Ah, sorry to hear that.
Thanks for the support.
It’s always a gut-wrenching decision, but one that’s ultimately kindest to your beloved furry family member. When our own sweet lilac-point boy, Rom, began to lose his fight to the cancer, it ripped my heart out, but we just couldn’t let him hurt. His brothers, Data and Tuvok, took a long time to grieve, as well. They’ve all gone on now, and I still miss every one of them, but others have come along, and they need us just as much. After all, pet people never really run out of love to share with our quirky critter companions.
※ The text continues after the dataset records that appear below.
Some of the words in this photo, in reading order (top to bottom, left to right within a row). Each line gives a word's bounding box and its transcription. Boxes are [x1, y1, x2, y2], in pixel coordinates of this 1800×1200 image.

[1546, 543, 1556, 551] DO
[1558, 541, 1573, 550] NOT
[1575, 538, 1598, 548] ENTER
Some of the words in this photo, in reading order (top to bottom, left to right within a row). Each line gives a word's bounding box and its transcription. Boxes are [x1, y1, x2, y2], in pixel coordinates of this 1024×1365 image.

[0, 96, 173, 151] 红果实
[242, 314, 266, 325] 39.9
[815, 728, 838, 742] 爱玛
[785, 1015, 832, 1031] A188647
Love to you all and Olive, from us and Xander, Penny, Wash and Rupert!
Thanks so much! Sorry for your losses too.
Matt, my heart goes out to you all. I can understand how difficult it must have been to share this, but let me thank you for doing so.
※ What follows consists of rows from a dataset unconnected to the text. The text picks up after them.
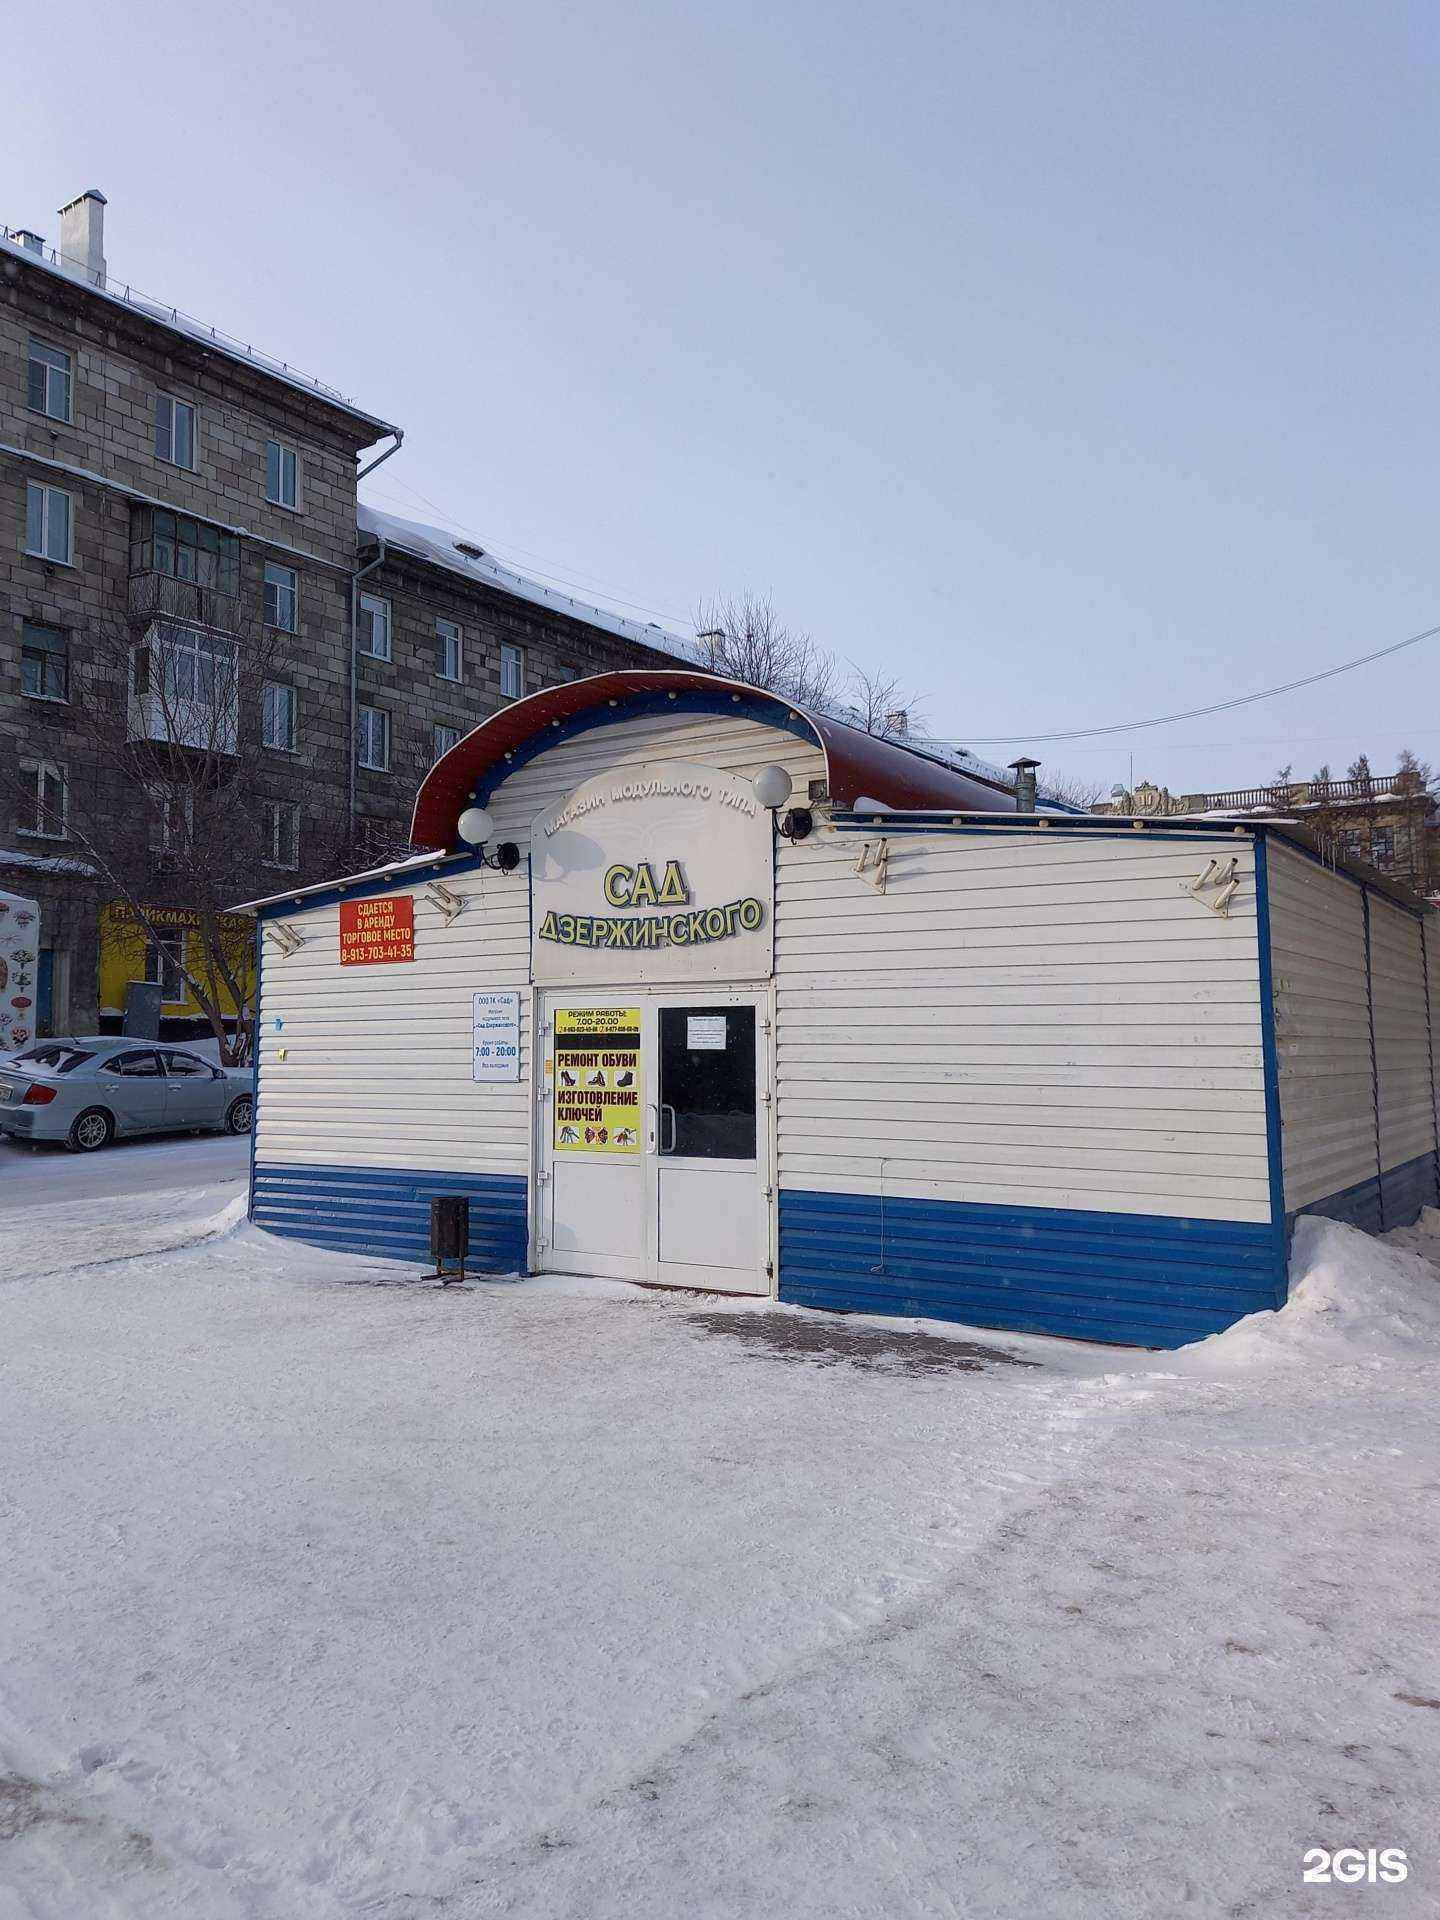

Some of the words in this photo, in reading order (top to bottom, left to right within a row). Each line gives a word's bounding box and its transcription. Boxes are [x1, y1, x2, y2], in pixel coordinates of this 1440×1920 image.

[604, 861, 689, 907] САД
[357, 902, 393, 916] СДАЕТСЯ
[357, 919, 362, 929] В
[364, 915, 395, 929] АРЕНДУ
[539, 898, 763, 949] ДЗЕРЖИНСКОГО
[342, 930, 381, 944] ТОРГОВОЕ
[384, 928, 410, 941] МЕСТО
[342, 944, 411, 961] 8-913-703-41-35
[558, 1054, 599, 1067] РЕМОНТ
[602, 1054, 636, 1067] ОБУВИ
[558, 1091, 638, 1105] ИЗГОТОВЛЕНИЕ
[558, 1107, 602, 1121] КЛЮЧЕЙ
Hazel could not ask for better humans. I’m so happy you all had each other for as long as you did.
Thanks for the kind words, David. I’m really thankful for you and so many others who have been here since the beginning.
I read this and I relived when I had to put Sarge down. He went quickly too, I took it as a sign that he was ready. No matter how many times you tell yourself that it’s the right thing to do, it still hurts. I’m glad you posted this. It’s very powerful.
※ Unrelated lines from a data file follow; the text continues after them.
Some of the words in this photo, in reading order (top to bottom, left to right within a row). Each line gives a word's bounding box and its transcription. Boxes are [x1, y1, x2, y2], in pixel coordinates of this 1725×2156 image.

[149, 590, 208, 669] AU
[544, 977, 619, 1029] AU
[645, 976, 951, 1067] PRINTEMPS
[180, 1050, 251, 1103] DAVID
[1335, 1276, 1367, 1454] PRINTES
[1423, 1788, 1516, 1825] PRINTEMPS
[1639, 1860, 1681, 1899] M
What’s this about the comic ending? I don’t read many blogs and this is the first I’ve heard of it.
Yup, there are just three strips to go. My original plan was to run the comic for three to five years (it’s been four) and when Hazel passed it felt right to start wrapping things up. Also, I’m home with both of my girls these days so my schedule isn’t as flexible as it used to be. I’m glad you enjoyed the comic; thanks for reading!
…This is just a terrible loss, Matt, and I’m sorry you and your family and Olive had to go through it. It’s shocking to me because in the comic Hazel is always so active and wacky and it’s hard to reconcile that character with the Hazel of the last couple strips. This is gut-wrenching and I didn’t even know her. Thanks for sharing it. I hope things get better soon. -v
Thanks a lot, Vince; I really appreciate it. She went downhill really quickly as cats seem to do and it was tough seeing that playfulness and energy that inspired the comic gone in what seemed like the blink of an eye. But the support from everyone has been overwhelming and we’re all doing well these days. Thanks again.
Its never easy to make the call. I had to do it twice. Once a couple days after my birthday for my mom’s cat. We got Princess Anne from a lady fostering three kittens. They lost their mom in a tractor accident. Anne was the runt. We took her to finish fostering her. Mom decided to keep her. Anne lived many happy years with us.
The second was my cat Miss kitty. Got her from the spca. I knew she was seriously sick before the vet visit. Sadly, I had to be at work when the call needed to be made. So mom had the vet call me and I made the choice over a phone. They gave me a plaster casting of her paw print.
We can carry the happy memories and comfort in knowing they were dearly loved.
Sorry to hear about your losses too. That’s cool that you got a plaster casting of Miss Kitty’s paw. We had Hazel’s ashes spread over a rose garden with other pets. I’m hoping to make it there this spring and get some photos.
That was heartbreaking to read. When my cat passed I was a day late. I had set things up to have her put to sleep the following morning but she died during the night. I am not sure if that is a good or bad thing.